May 14 at Spruce Creek they killed one lad, and carried others away. They then went to Oyster River where they shot Jeremiah Cromett and burned a saw mill at Dover. Ensign Tuttle was killed and a son of Lieutenant Heard wounded while standing guard. John Bickwell was shot at Spruce Creek as he was locking his door, his wife wounded, and his child knocked on the head and scalped. The two children of John Waldron were seized outside of Heard’s Garrison (this was the old garrison of Waldron’s) and their heads cut off, as the Indians did not have time to scalp them. This time there were no men in the fort, and Esther Jones deceived the Indians by calling out “come on, come on, here they are”, which had the effect desired and the Indians withdrew. On October 25, 1704, the Indians appeared at Oyster River again. And on that same day in Berwick, two men were shot going home from church. The Indians, being vigorously attacked, dropped their packs, and in them were found three scalps. In the spring of 1705 they were on the east side of the Piscataqua River, killing five settlers at Spruce Creek and captured many more. Mrs. Hall was killed, Enoch Hutchins lost his wife and children. Three weeks later John Rodgers was wounded and James Toby shot. In May, 1705, they wounded Mark Gile, W. Pearl and Nathan Tibbets were shot. These attacks were by bands of roving Indians. Pearl lived in a cave up Oyster River and he had been urged to come into the settlement, but he would not.
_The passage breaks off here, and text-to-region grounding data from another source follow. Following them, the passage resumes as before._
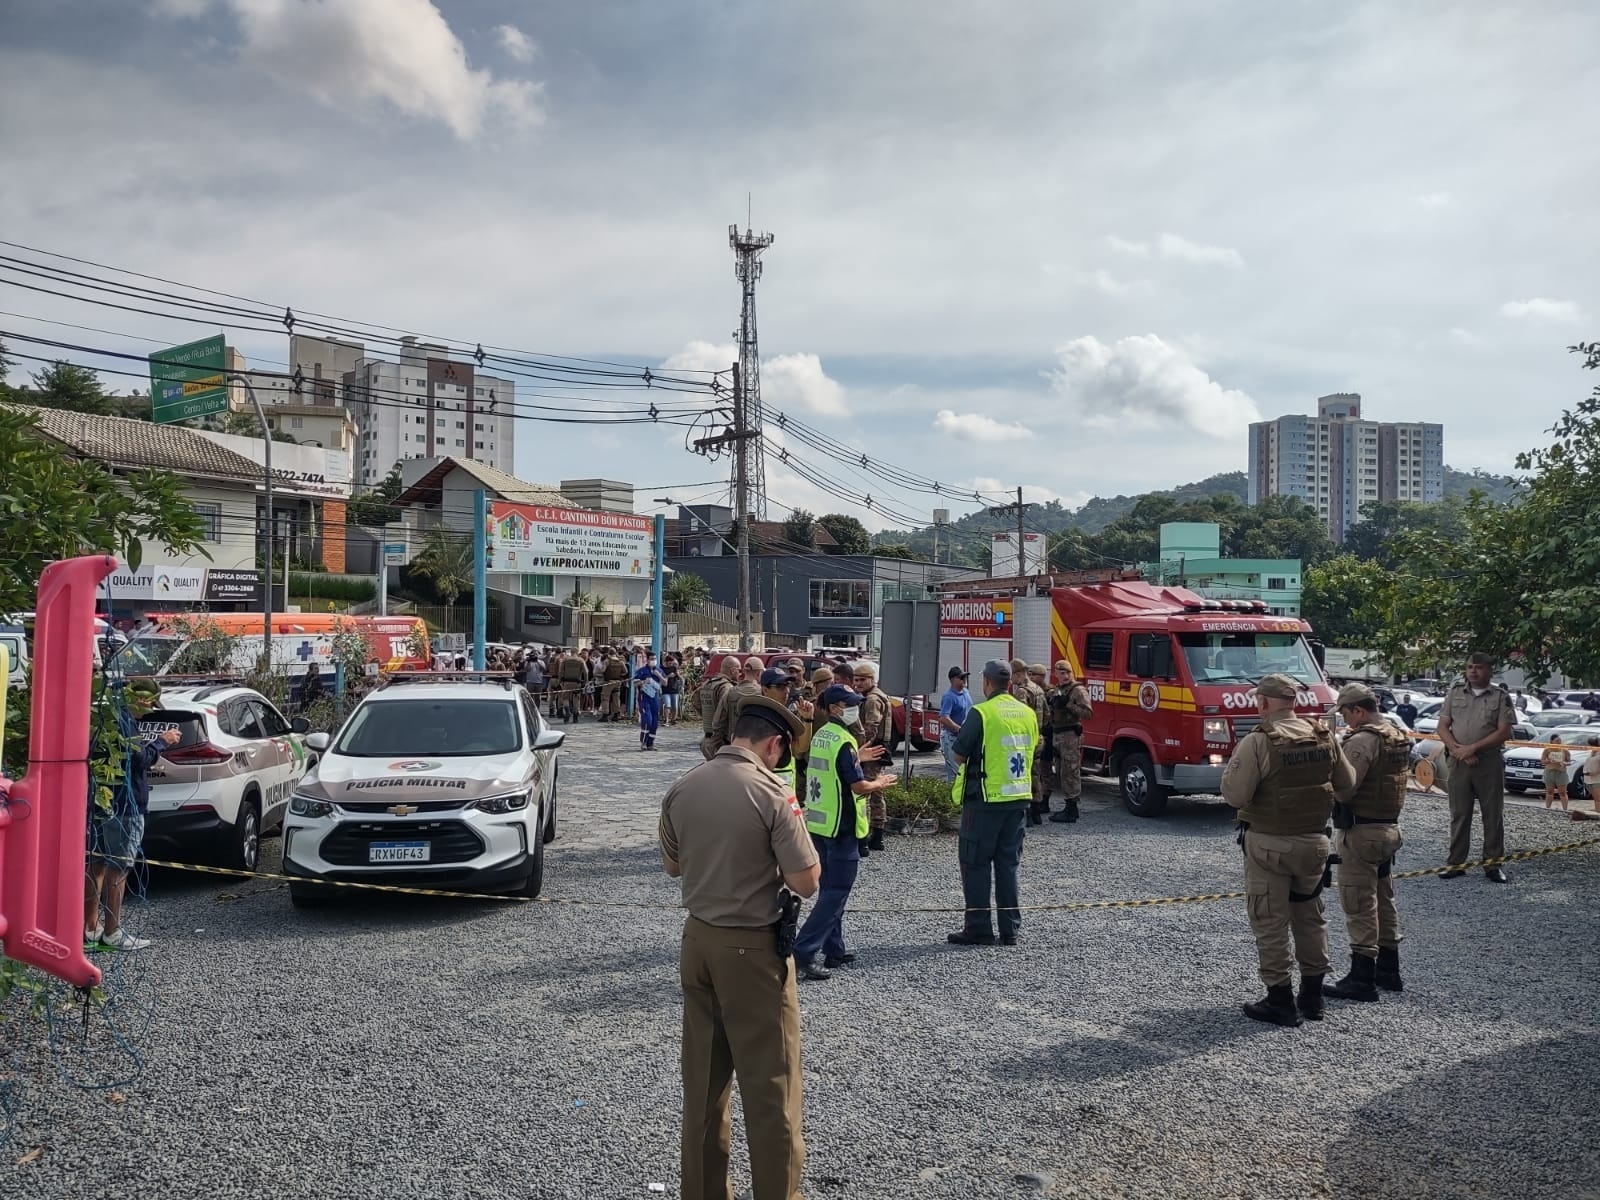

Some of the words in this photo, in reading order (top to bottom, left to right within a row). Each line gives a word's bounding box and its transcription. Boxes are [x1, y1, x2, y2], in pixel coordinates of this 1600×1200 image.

[560, 511, 599, 524] CANTINHO
[601, 515, 618, 525] BOM
[620, 517, 646, 529] PASTOR
[537, 524, 558, 534] Escola
[560, 526, 582, 536] Infantil
[589, 529, 624, 540] Contraturno
[625, 532, 645, 542] Escolar
[555, 538, 569, 546] mais
[533, 557, 621, 571] #VEMPROCANTINHO
[112, 575, 153, 587] QUALITY
[208, 571, 235, 580] GRÁFICA
[235, 573, 259, 581] DIGITAL
[173, 577, 200, 588] QUALITY
[973, 627, 991, 637] 193
[1202, 621, 1257, 631] EMERGÊNCIA
[1272, 622, 1300, 631] 193
[1088, 684, 1105, 702] 193
[346, 779, 403, 791] POLÍCIA
[406, 778, 466, 790] MILITAR
On May 27, 1707 they captured two at Oyster River. In July they came upon John Bunker and Ichabod Rawlins, aged 20 and 30 of Dover, and killed them both, as they were driving a cart from Dover to Oyster River. They also killed many cattle. 
In 1710 the settlers were warned of a new outbreak, and 400 soldiers were posted in the New Hampshire towns, In 1711 they appeared at Dover and found Thomas Downs and three men at work in a field. These they killed and lay in ambush for the settlers as they came from church. They succeeded in killing one and came near killing another, but the alarm was given and the Indians withdrew. In 1712, they killed Ensign John Tuttle at Cochecho and Jeremiah Cromwell at Oyster River, later they killed Joseph Ham at Dover, carrying off his three children. Next Tristram Heard, Jr. was killed. In the spring of 1705, the Indians made a descent on Oyster River and Nathanial Meader was shot while in his field. 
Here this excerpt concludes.